Transcribe the whole listing below without changing a word, but leave out every image.

★ ★ ★ ★ ★

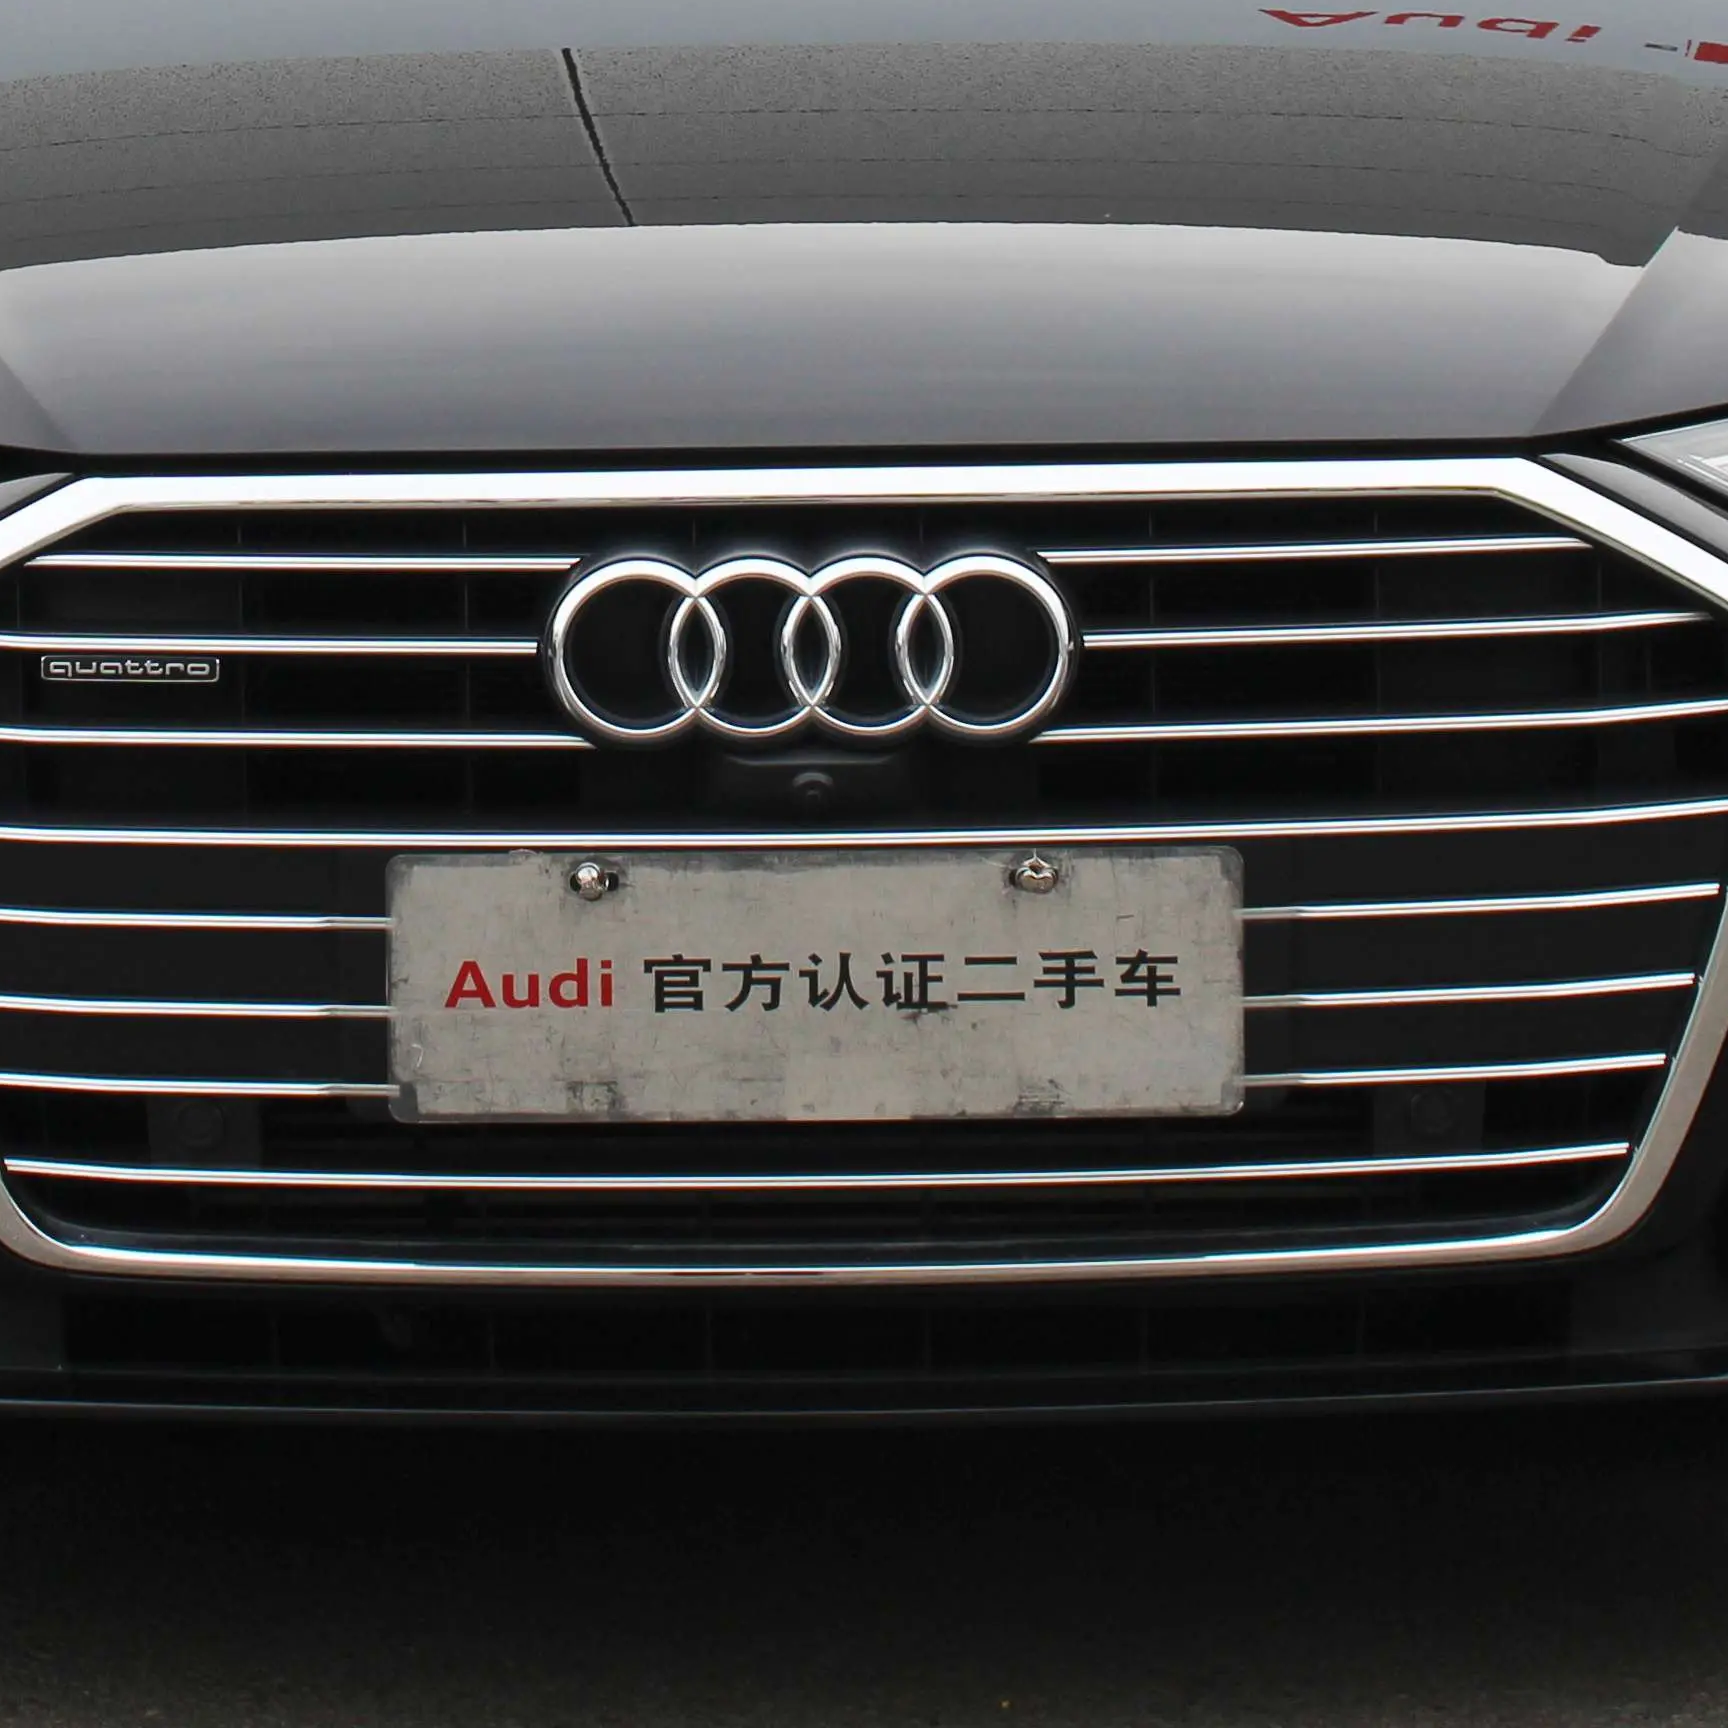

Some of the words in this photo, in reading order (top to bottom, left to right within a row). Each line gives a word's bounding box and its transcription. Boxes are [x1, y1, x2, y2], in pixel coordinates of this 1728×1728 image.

[48, 658, 211, 678] quattro
[444, 956, 614, 1010] Audi
[641, 949, 1184, 1014] 官方认证二手车
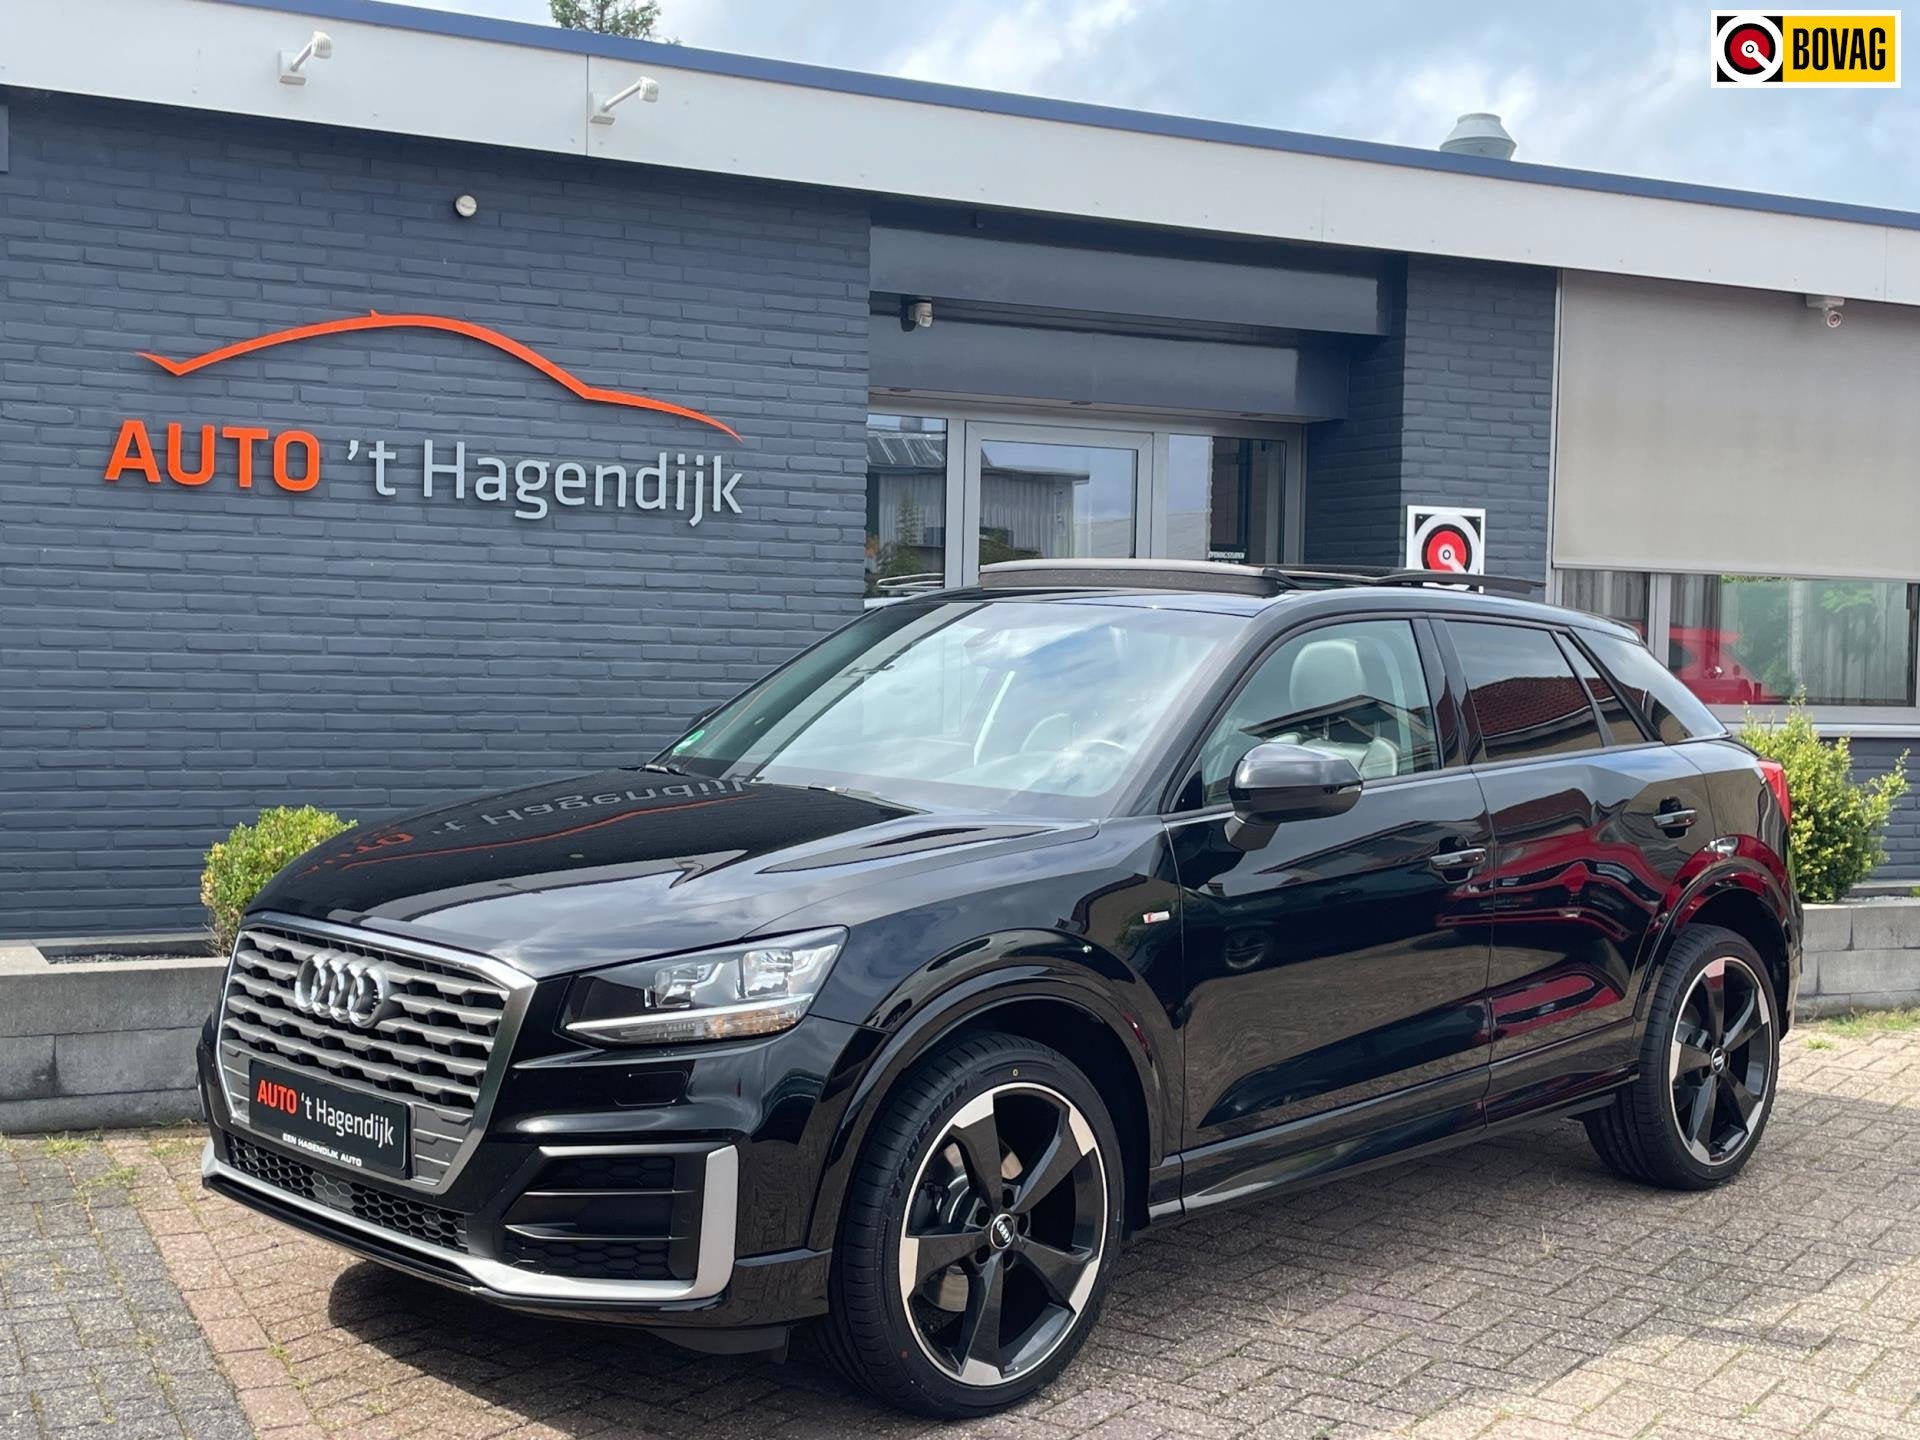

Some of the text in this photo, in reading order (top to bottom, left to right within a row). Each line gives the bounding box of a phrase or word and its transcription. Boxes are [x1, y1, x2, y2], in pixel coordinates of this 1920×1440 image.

[104, 419, 744, 527] AUTO 't Hagendijk
[257, 1079, 297, 1114] AUTO
[316, 1097, 394, 1149] Hagendijk
[282, 1132, 297, 1145] EEN
[340, 1152, 362, 1167] AUTO

★ ★ ★ ★ ★

Solution to the problem:
Some of the words in this photo, in reading order (top to bottom, left to right within a row). Each line gives a word's bounding box and its transcription. Boxes are [x1, y1, x2, y2], in pixel coordinates of this 1728×1728 image.

[48, 658, 211, 678] quattro
[444, 956, 614, 1010] Audi
[641, 949, 1184, 1014] 官方认证二手车

Some of the text in this photo, in reading order (top to bottom, left to right within a row). Each line gives the bounding box of a phrase or word and its transcription. Boxes are [x1, y1, x2, y2], in pixel coordinates of this 1920×1440 image.

[104, 419, 744, 527] AUTO 't Hagendijk
[257, 1079, 297, 1114] AUTO
[316, 1097, 394, 1149] Hagendijk
[282, 1132, 297, 1145] EEN
[340, 1152, 362, 1167] AUTO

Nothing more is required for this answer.